Тогдашнее состояние Станкевича хорошо передает один из исследователей, М. О. Гершензон, в книге «Россия молодая». По его словам, юноша давно жаждал любви, ожидал найти в ней полноту жизни, разрешение всех сомнений, силу на подвиг добра: и вот он полюбил — и оказалось, что тревога ума не улеглась, душа не вознеслась на высоту, жизнь не наполнилась. Кто же виновен? Любимая девушка? Нет, она вполне достойна любви. — Виновен он сам: его дух еще не созрел для такой любви. Он хотел быть счастлив и думал получить это счастье внешним образом; и в этом его ошибка, ибо, чтобы полюбить, надо сначала стать человеком. «Потребность любви должна быть вызвана не бедностью души, которая, чувствуя свою нищету и будучи недовольна собой, ищет кругом себя помощи; нет, любовь должна выходить из богатства нашего духа, исполненного силы и деятельности и отыскивающего в самой любви только новую, высшую, полнейшую жизнь».

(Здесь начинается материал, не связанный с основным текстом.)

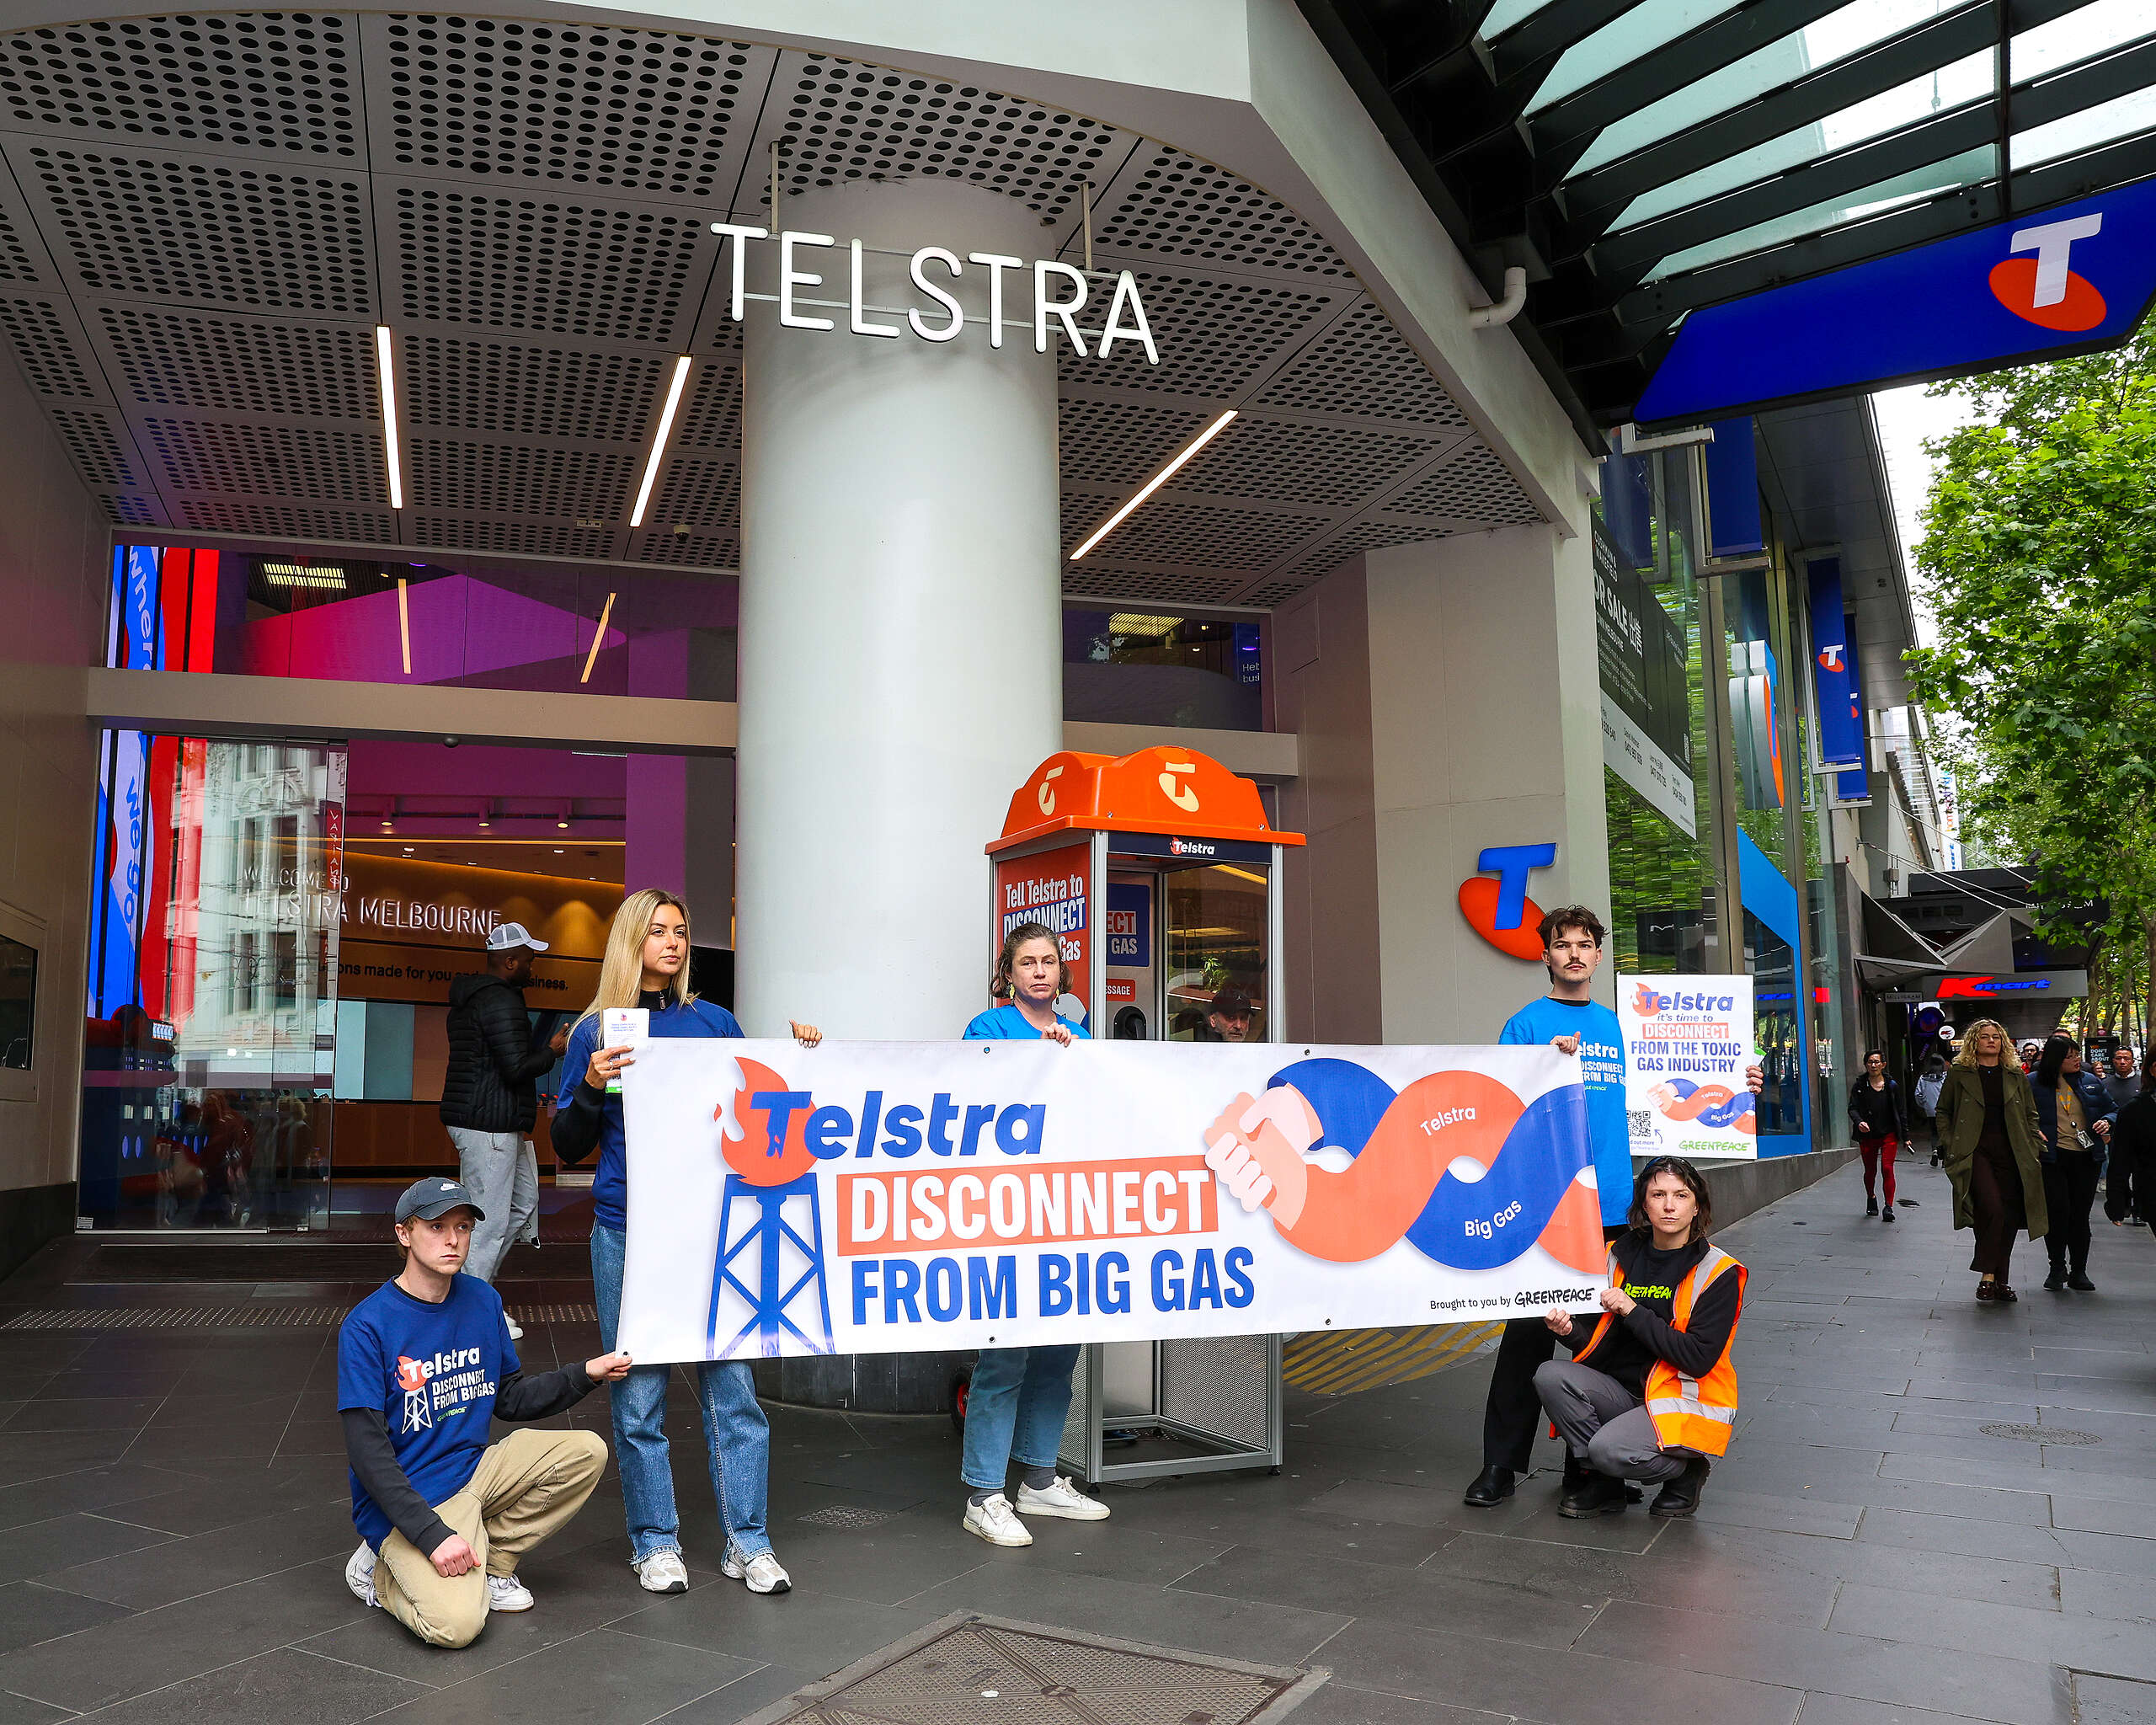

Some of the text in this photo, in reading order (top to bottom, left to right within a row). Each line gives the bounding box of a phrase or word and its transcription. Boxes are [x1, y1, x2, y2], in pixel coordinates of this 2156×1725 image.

Не менее точно описывает переживания Станкевича и другой исследователь, А. А. Корнилов. В своей книге «Молодые годы Михаила Бакунина. Из истории русского романтизма», изданной в 1915 году, он пишет: «Жениться, сомневаясь в истинности своего чувства, он не мог. Это не допускали и его искреннее и горячее сердце и положение того философского нравственного кодекса, который был принят в его кружке. А между тем он ясно должен был видеть и понимать, что отказ его должен был действительно разбить сердце Любиньки и, может быть, погубить это нежное и кроткое существо…»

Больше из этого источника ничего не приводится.